LAWS(BOM)-2017-1-200

DATTATRAY SALVI Vs. CHARU DATTATRAY SALVI

Decided On January 30, 2017
Dattatray Salvi Appellant
V/S
Charu Dattatray Salvi Respondents

JUDGEMENT

(1.) (ORAL) - Heard.

(2.) Admit. By consent of parties, the appeal is taken up for final hearing at the admission stage.

(3.) The appellant-original respondent-husband before the Family Court is objecting to the Judgment and Decree passed in Petition No. A-869 of 2013 decided on 24th April, 2015. The Petition before the Family Court, Mumbai at Bandra was presented by the Respondent-wife praying for grant of decree of dissolution of marriage under Sec. 13 (1) (ia) of the Hindu Marriage Act, 1955 (hereinafter referred to as the "Act " for short). The respondent herein has also prayed for grant of several other reliefs in the petition presented to the Family Court. It is recorded in the judgment that the Respondent did not press prayer clause (b) to (d) and (f) to (l) incorporated in the Hindu Marriage Petition. The Family Court as such considered the only prayer clause (e) in respect of issuance of direction to the appellant-husband herein to pay a sum of Rs. 2,21,400.00 to the respondent-wife with interest at 12% per annum from the date of filing of the petition i.e. till 11th March, 2013. It is the case of the Respondent-wife that the marriage between the parties was solemnized on 21st Jan., 1992. There are two daughters born to the couple by name Rutuja and Namrata born on 26th July, 1995 and 22nd April, 1997 respectively.

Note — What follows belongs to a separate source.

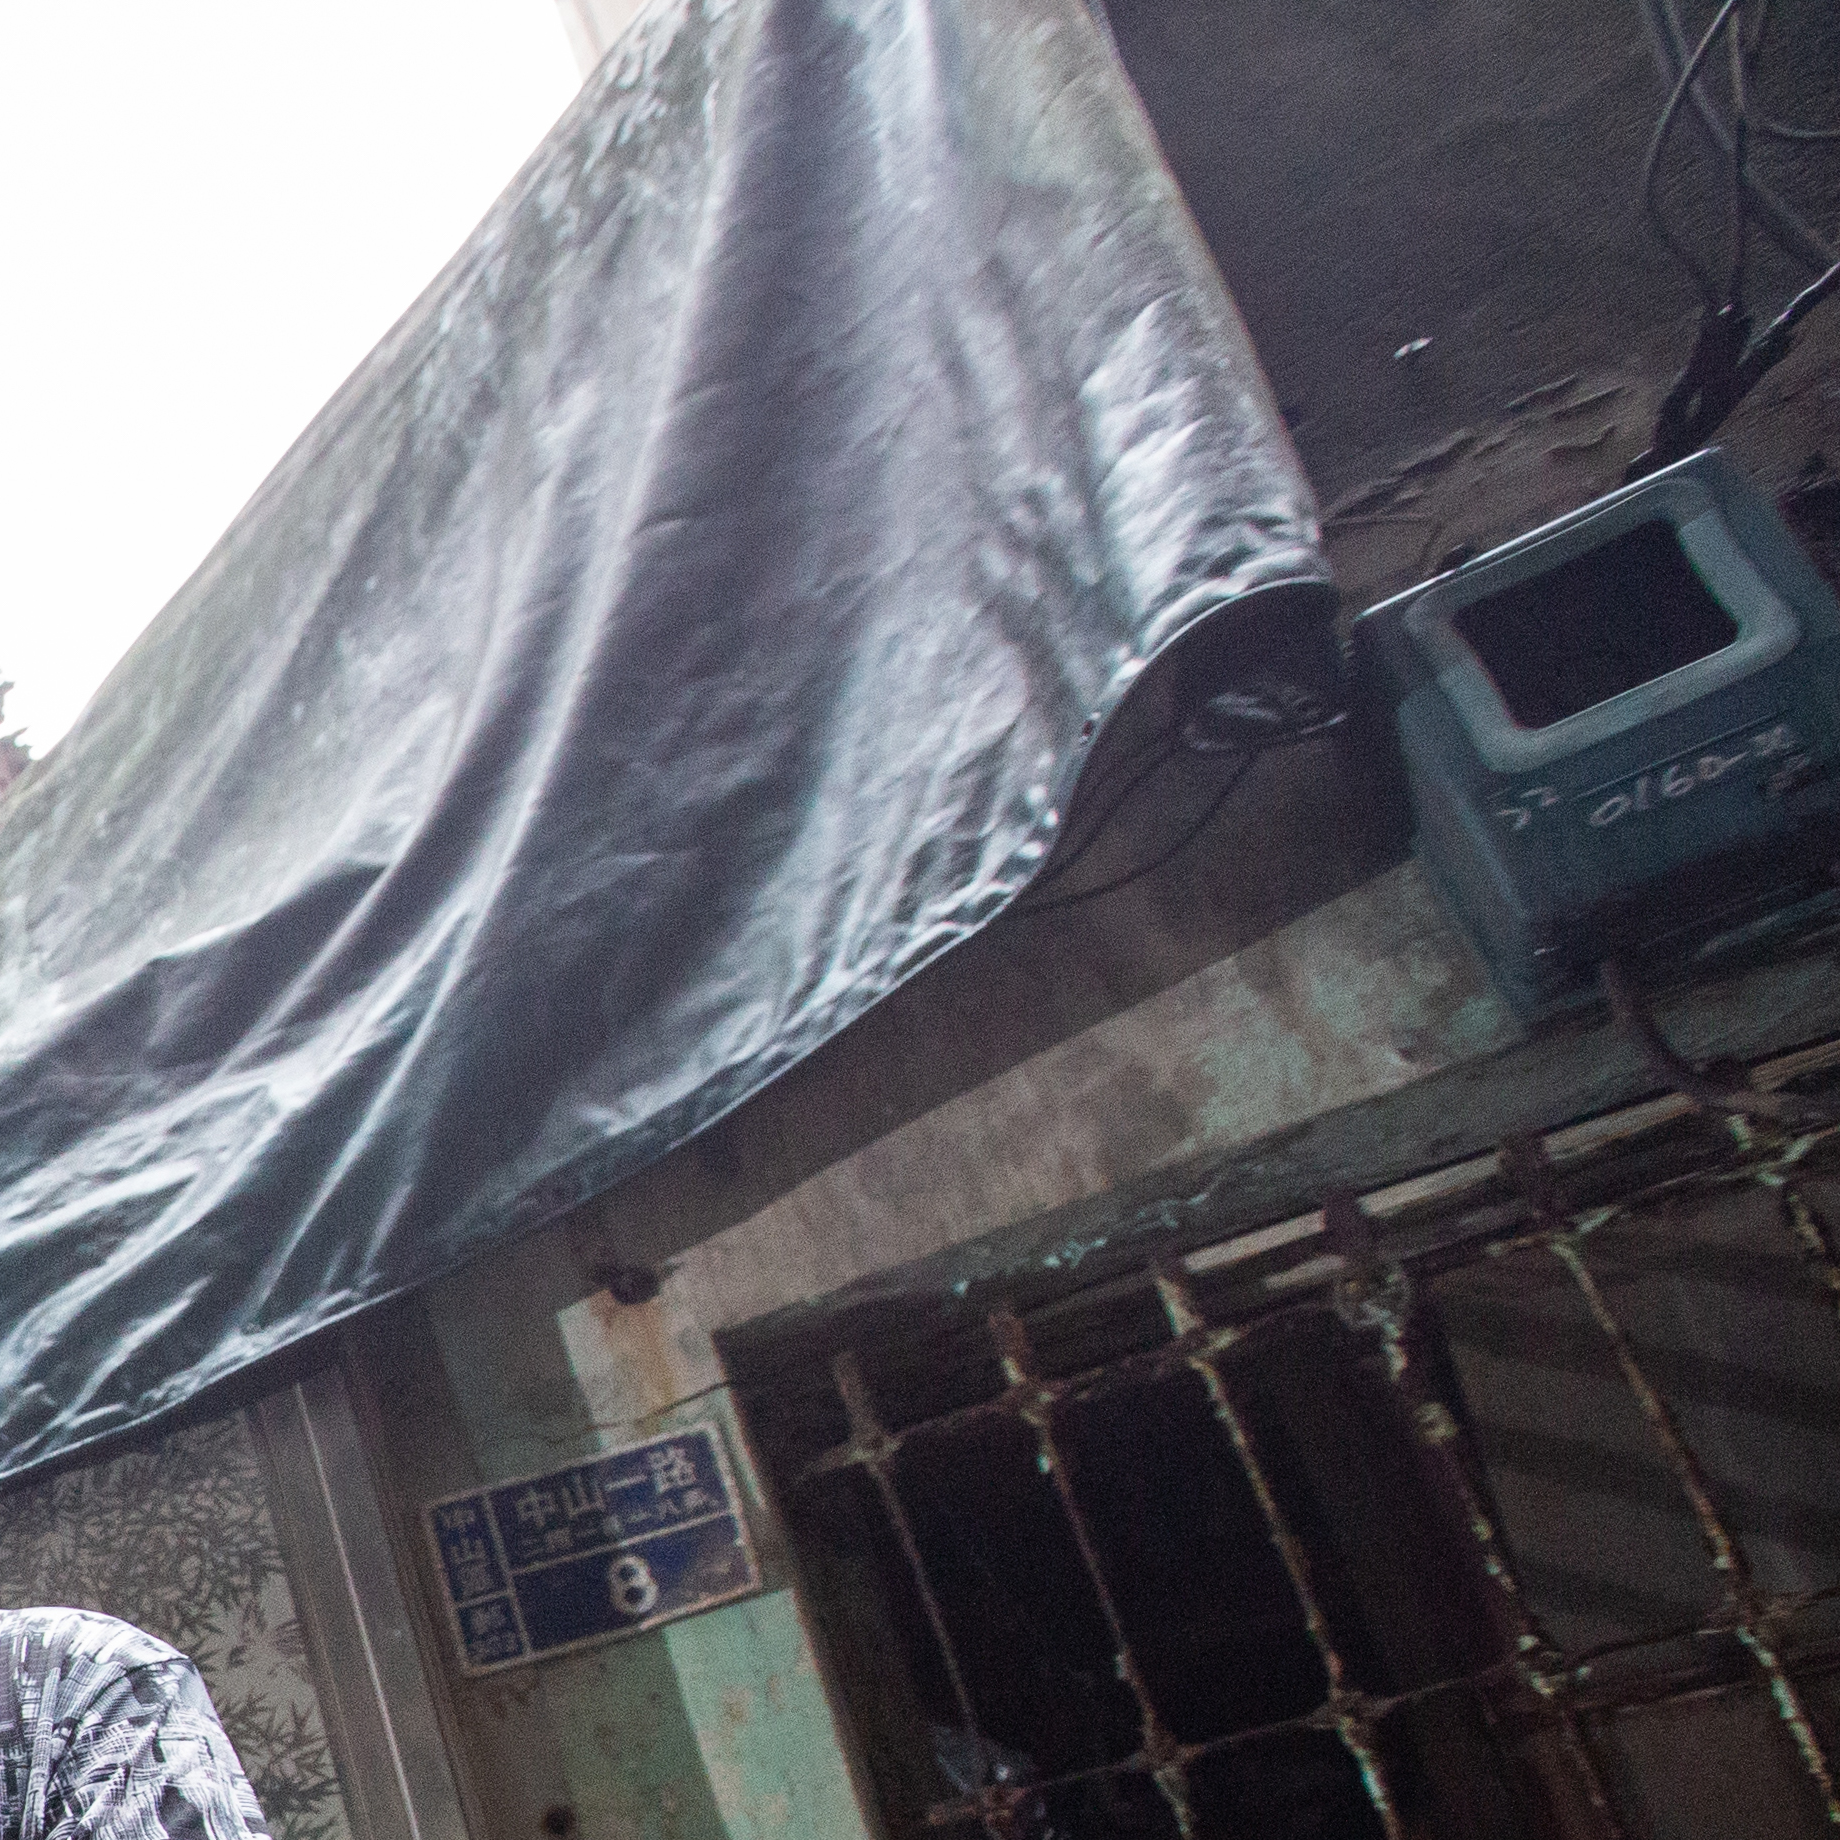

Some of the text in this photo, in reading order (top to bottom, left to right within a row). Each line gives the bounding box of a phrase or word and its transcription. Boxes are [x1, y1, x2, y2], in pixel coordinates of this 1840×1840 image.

The respondent-wife alleges that the appellant-husband during the wedlock treated her badly and as such the respondent-wife prays for grant of decree of divorce under Sec. 13 (1) (ia) of the Hindu Marriage Act. So far as the refund of amount of Rs. 2,21,400.00 is concerned, it would not be necessary to go into factual details recorded in the petition as well as the consideration thereof by the learned Judge of the Family Court since the decree passed by the Family Court is not sustainable in law and matter deserves to be remitted back. It is the contention of the appellant-husband that so far the decree passed by the Family Court relating to directions to the appellant herein to pay a sum of Rs.2,21,400.00 is concerned, there is non-consideration of material evidence in the form of documents placed on record. It is also contended that no proper opportunity has been given to the appellant to oppose the claim of the respondent-wife.